March of Dimes Canada (MODC), officially the Rehabilitation Foundation for Disabled Persons, Canada is a registered national charity established in 2005 by Ontario March of Dimes. MODC aims to provide community-based rehabilitation services and resources across the country to people with physical disabilities.

March of Dimes in Canada has no affiliation with the American organization.
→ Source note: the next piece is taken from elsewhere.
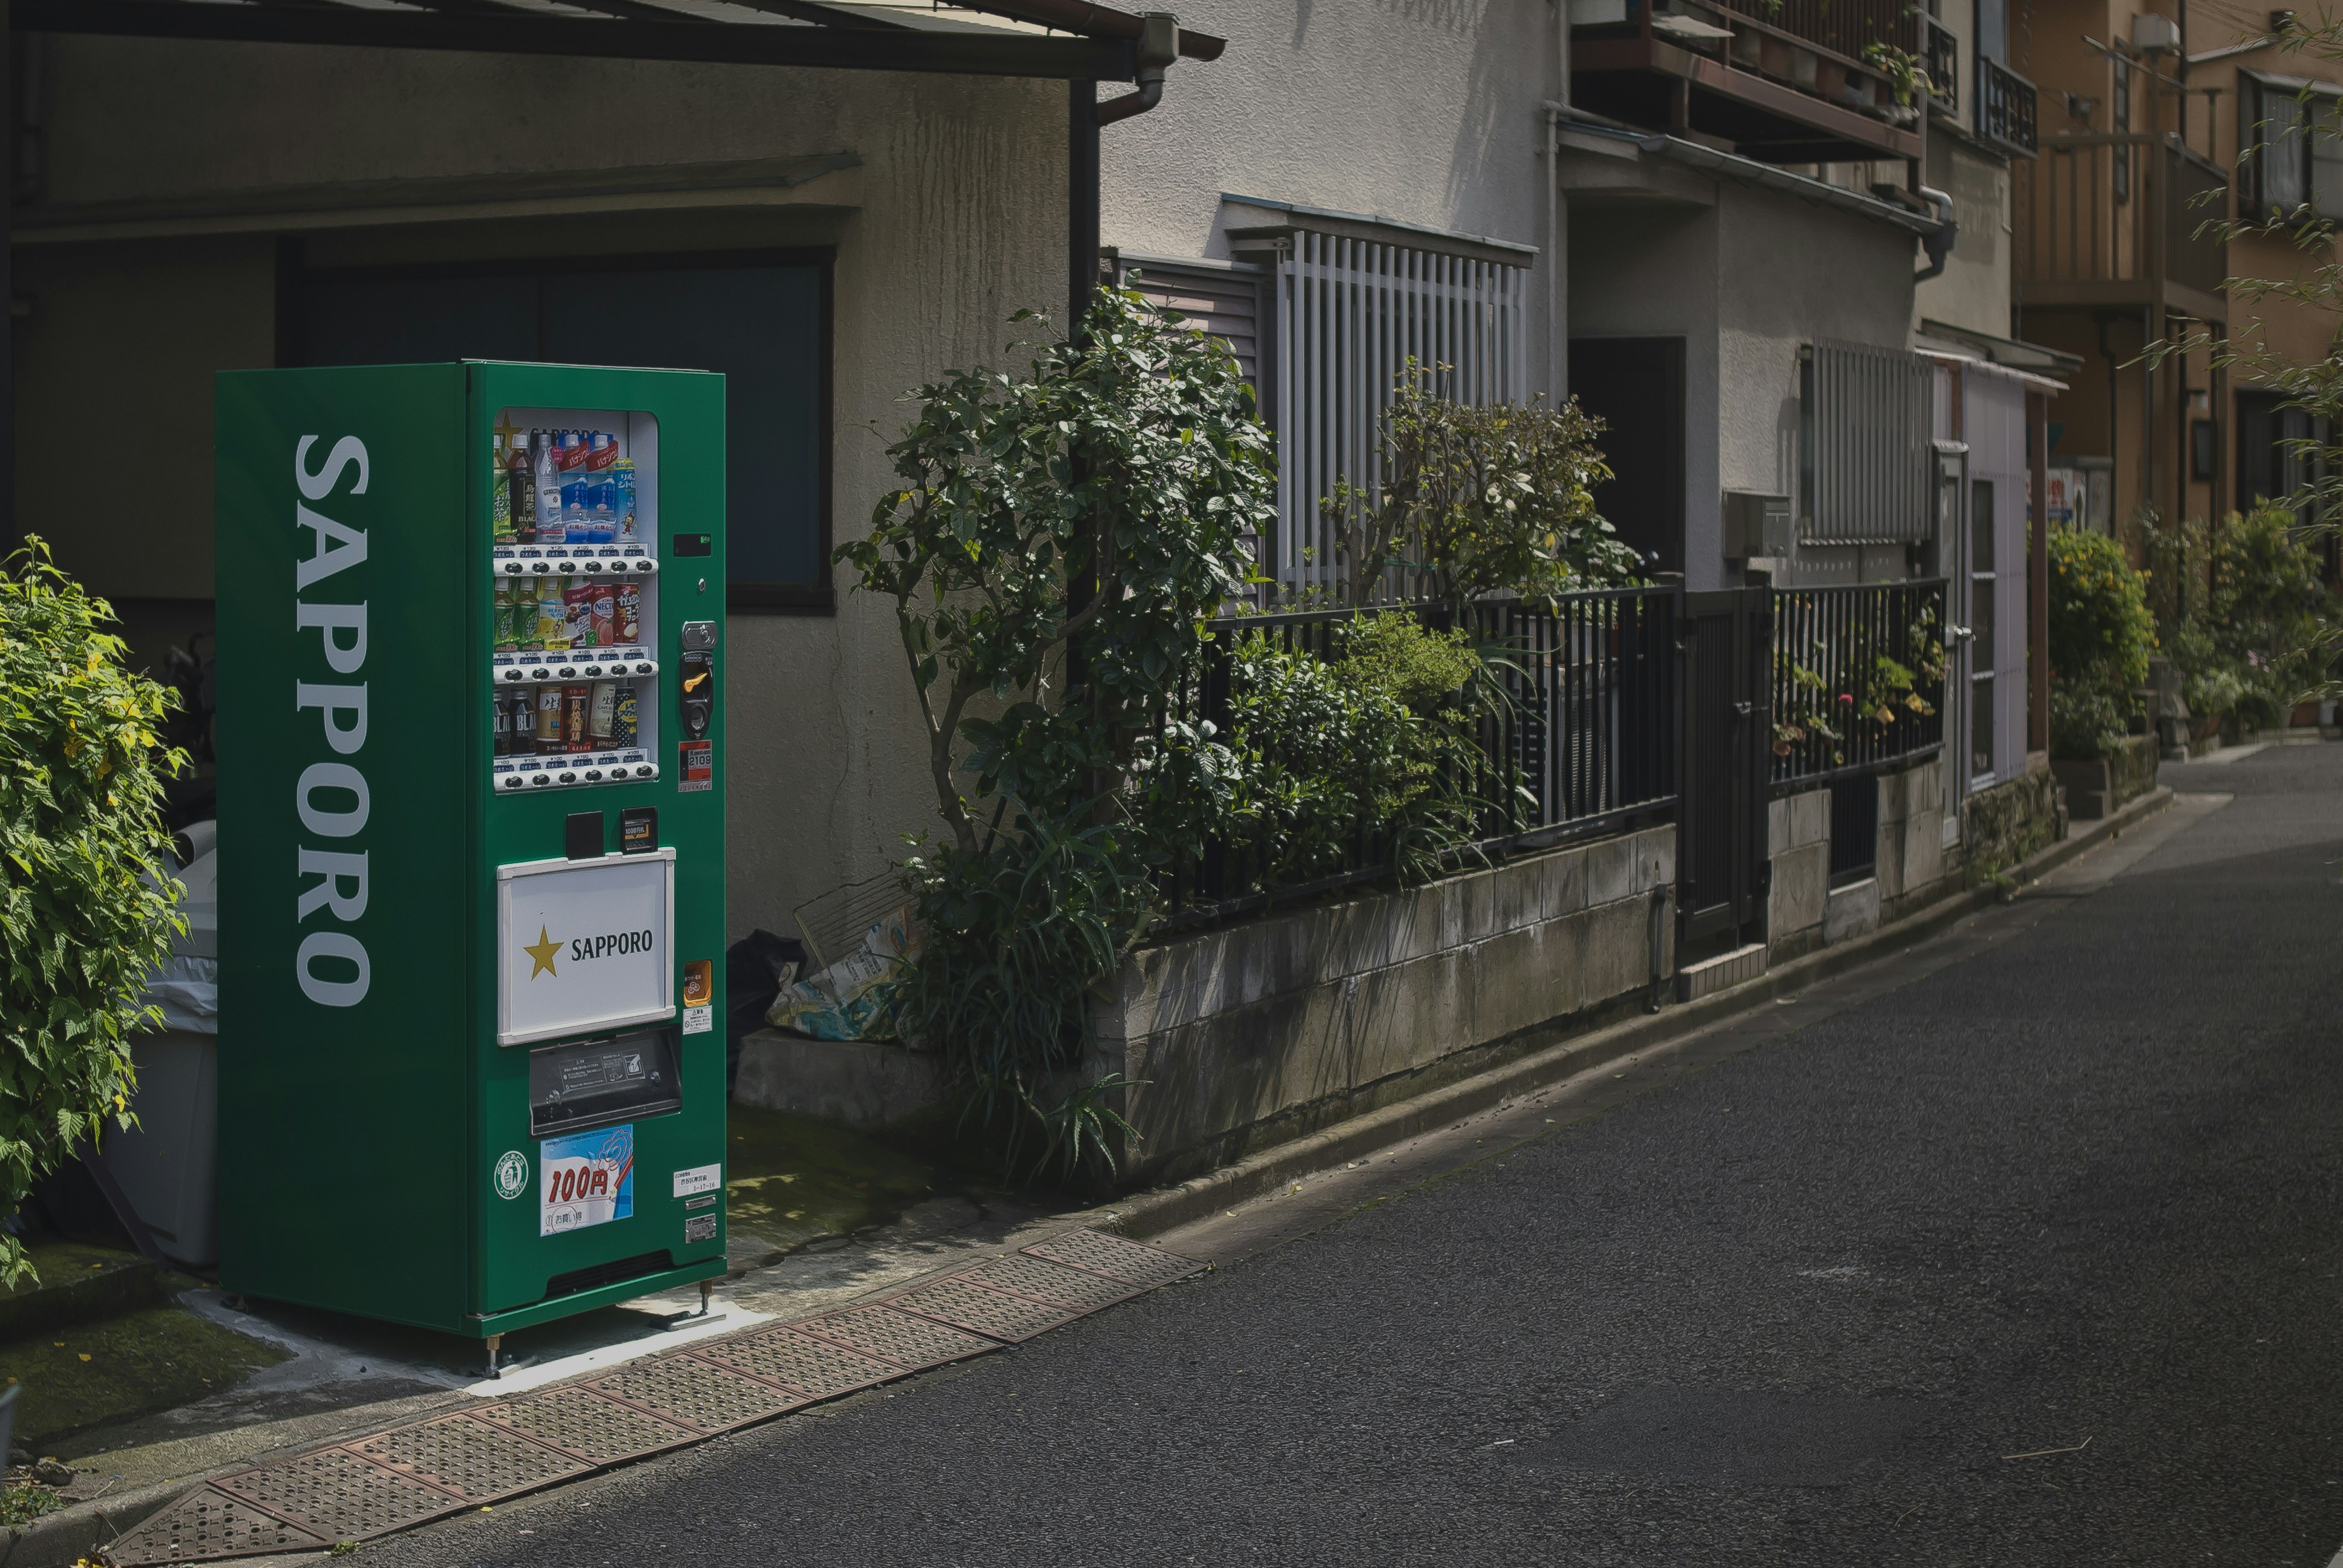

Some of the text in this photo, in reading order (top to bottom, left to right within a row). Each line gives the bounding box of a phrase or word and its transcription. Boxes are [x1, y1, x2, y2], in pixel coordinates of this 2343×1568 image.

Like its American counterpart, it began in 1951 with the Marching Mothers fundraising campaign to eradicate polio.

After vaccination programs effectively eliminated the threat of the disease, mandates changed to offering programs and services for people of all ages with physical disabilities, particularly in Ontario.

For many years various provincial organizations operated under the name March of Dimes as members of the Easter Seals March of Dimes National Council.

In 2005, however, Ontario March of Dimes acquired the exclusive right to use 'March of Dimes' in Canada, and now operates March of Dimes Canada as a national subsidiary. It no longer has any affiliation with Easter Seals (Canada).

March of Dimes Canada continues to work with polio survivors through Polio Canada, a national support network for people suffering from post-polio syndrome, or the late effects of polio.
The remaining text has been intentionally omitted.